Test is clearly negative.
I've had dreams the last two nights that I got positive tests. Then I woke up. I wish these dreams would stop. I am so happy when I'm sleeping but then I wake up and it's all taken away again :(
I really want to believe that there is still time this cycle, but I'm just not feeling it. And sadly, I put so much pressure on this cycle. I really thought if we did everything right, it would work. But now I'm feeling like it didn't happen and I feel like a failure. I keep saying that I really don't know how much longer I can do this...but AF will arrive and eventually I will have renewed hope that it will happen for us. But right now, I just want to crawl into a hole and give up :( Why does this have to be so hard?

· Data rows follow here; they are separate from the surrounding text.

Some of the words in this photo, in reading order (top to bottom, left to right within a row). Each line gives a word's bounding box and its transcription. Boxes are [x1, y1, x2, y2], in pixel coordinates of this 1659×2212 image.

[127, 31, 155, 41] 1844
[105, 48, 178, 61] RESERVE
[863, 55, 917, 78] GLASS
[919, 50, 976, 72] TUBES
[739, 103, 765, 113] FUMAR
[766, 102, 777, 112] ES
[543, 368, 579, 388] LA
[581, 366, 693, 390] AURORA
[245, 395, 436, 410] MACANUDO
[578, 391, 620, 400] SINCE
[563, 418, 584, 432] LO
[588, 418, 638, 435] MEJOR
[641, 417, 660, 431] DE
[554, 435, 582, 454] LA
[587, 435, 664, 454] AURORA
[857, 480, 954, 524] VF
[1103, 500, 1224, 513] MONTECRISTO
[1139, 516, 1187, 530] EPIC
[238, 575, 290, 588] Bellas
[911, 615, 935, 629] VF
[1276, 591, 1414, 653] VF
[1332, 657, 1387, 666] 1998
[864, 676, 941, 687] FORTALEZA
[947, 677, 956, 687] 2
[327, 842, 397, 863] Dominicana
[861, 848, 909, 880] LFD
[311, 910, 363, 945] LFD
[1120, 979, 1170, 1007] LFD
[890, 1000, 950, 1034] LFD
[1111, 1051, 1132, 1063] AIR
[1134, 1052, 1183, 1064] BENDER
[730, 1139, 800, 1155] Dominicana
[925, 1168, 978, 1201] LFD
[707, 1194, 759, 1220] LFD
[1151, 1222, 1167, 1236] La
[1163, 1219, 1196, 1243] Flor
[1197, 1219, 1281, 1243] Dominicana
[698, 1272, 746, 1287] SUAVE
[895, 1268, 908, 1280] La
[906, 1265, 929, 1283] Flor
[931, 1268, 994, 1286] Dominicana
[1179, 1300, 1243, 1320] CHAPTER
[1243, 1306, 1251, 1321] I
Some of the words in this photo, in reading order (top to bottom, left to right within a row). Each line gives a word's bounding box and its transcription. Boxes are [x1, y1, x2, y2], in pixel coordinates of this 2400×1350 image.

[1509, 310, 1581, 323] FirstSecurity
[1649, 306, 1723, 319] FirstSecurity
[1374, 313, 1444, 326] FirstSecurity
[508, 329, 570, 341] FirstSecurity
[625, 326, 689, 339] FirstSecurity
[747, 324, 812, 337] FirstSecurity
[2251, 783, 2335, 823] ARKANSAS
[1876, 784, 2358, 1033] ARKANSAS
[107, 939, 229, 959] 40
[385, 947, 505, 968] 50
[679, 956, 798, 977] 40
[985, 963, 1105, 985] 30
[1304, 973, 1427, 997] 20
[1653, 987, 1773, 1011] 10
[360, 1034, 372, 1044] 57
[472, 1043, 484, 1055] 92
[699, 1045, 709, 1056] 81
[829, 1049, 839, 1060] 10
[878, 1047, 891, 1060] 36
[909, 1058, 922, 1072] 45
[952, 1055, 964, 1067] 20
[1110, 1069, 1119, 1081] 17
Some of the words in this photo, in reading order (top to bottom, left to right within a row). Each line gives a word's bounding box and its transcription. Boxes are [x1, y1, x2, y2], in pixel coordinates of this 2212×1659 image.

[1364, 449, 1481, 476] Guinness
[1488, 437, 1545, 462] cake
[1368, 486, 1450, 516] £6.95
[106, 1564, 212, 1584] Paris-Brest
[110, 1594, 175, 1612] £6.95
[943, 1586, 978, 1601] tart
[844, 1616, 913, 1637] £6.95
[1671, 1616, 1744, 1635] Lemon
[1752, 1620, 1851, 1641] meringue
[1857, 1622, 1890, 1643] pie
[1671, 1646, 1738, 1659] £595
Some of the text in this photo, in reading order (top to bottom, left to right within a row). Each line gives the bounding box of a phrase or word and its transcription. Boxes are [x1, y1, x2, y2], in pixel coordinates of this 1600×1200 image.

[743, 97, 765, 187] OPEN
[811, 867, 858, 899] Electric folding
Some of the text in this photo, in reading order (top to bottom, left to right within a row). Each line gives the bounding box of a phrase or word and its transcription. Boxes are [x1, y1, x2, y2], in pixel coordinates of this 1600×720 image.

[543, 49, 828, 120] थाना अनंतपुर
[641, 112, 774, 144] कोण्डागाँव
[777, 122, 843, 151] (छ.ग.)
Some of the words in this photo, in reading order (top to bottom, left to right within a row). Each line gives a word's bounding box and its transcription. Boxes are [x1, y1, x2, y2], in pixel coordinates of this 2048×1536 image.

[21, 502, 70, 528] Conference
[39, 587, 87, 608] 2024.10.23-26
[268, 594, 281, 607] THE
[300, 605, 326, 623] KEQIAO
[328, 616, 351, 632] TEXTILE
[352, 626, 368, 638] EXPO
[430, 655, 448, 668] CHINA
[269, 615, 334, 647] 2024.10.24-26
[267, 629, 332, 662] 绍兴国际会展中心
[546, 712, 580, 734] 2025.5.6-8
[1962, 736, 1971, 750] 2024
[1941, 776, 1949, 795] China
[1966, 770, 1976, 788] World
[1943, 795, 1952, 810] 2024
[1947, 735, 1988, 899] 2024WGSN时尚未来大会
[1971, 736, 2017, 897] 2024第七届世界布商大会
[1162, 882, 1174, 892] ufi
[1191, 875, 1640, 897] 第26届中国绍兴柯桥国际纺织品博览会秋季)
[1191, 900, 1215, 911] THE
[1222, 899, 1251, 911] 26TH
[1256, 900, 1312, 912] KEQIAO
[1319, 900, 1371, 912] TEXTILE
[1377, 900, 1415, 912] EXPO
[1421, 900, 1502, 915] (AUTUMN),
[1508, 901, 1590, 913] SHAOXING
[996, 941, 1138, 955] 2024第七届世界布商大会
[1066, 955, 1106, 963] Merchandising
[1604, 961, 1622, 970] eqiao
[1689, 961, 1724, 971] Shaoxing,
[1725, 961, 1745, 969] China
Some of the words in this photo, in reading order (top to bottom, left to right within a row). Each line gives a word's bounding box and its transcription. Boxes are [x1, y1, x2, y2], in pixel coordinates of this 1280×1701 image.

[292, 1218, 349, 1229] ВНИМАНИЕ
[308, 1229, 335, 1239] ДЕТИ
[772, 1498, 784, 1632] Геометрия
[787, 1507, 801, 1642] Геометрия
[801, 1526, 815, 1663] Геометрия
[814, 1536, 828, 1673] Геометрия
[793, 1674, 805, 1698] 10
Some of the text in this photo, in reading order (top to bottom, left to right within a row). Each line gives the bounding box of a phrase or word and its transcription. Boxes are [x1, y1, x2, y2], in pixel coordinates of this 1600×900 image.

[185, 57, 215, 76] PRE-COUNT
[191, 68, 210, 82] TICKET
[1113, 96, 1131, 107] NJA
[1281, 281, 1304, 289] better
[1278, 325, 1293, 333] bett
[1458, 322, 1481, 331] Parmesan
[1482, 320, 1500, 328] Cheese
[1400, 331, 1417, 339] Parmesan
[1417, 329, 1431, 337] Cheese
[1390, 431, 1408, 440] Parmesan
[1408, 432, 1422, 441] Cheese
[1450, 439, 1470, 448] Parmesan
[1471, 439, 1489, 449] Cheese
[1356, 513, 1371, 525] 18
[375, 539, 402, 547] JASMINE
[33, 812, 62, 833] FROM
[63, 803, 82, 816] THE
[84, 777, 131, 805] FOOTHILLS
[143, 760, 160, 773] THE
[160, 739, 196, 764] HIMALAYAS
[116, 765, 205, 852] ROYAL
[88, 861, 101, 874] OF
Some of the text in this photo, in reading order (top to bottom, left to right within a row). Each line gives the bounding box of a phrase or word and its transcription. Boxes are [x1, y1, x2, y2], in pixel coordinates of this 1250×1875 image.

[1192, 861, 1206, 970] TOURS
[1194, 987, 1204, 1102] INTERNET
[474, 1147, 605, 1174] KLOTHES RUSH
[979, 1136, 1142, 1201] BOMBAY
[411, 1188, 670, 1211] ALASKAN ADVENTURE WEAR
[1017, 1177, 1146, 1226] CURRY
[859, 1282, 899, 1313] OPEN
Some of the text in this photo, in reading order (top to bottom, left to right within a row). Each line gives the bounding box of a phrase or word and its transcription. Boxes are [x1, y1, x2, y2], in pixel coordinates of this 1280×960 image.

It isn't over until the witch shows up! It took me 3 Femara cycles to get pregnant this past time, so I am thinking that maybe your body has to get used to it? I hope it doesn't take you 3 cycles, but please don't lose hope! The positive that I saw through everything was that I didn't have to wait out a 40 day cycle to try again. 30 days and I could start again. Still holding out hope for you, friend!!
ReplyDeleteThanks, D! I just start to get impatient...coming up on a year since my last loss and it feels like the BFNs will never end :( I have my follow-up this Friday with my OB...and I'm taking Monday off work because I NEED a day off/a day to myself. Thinking of maybe getting a massage or going shopping!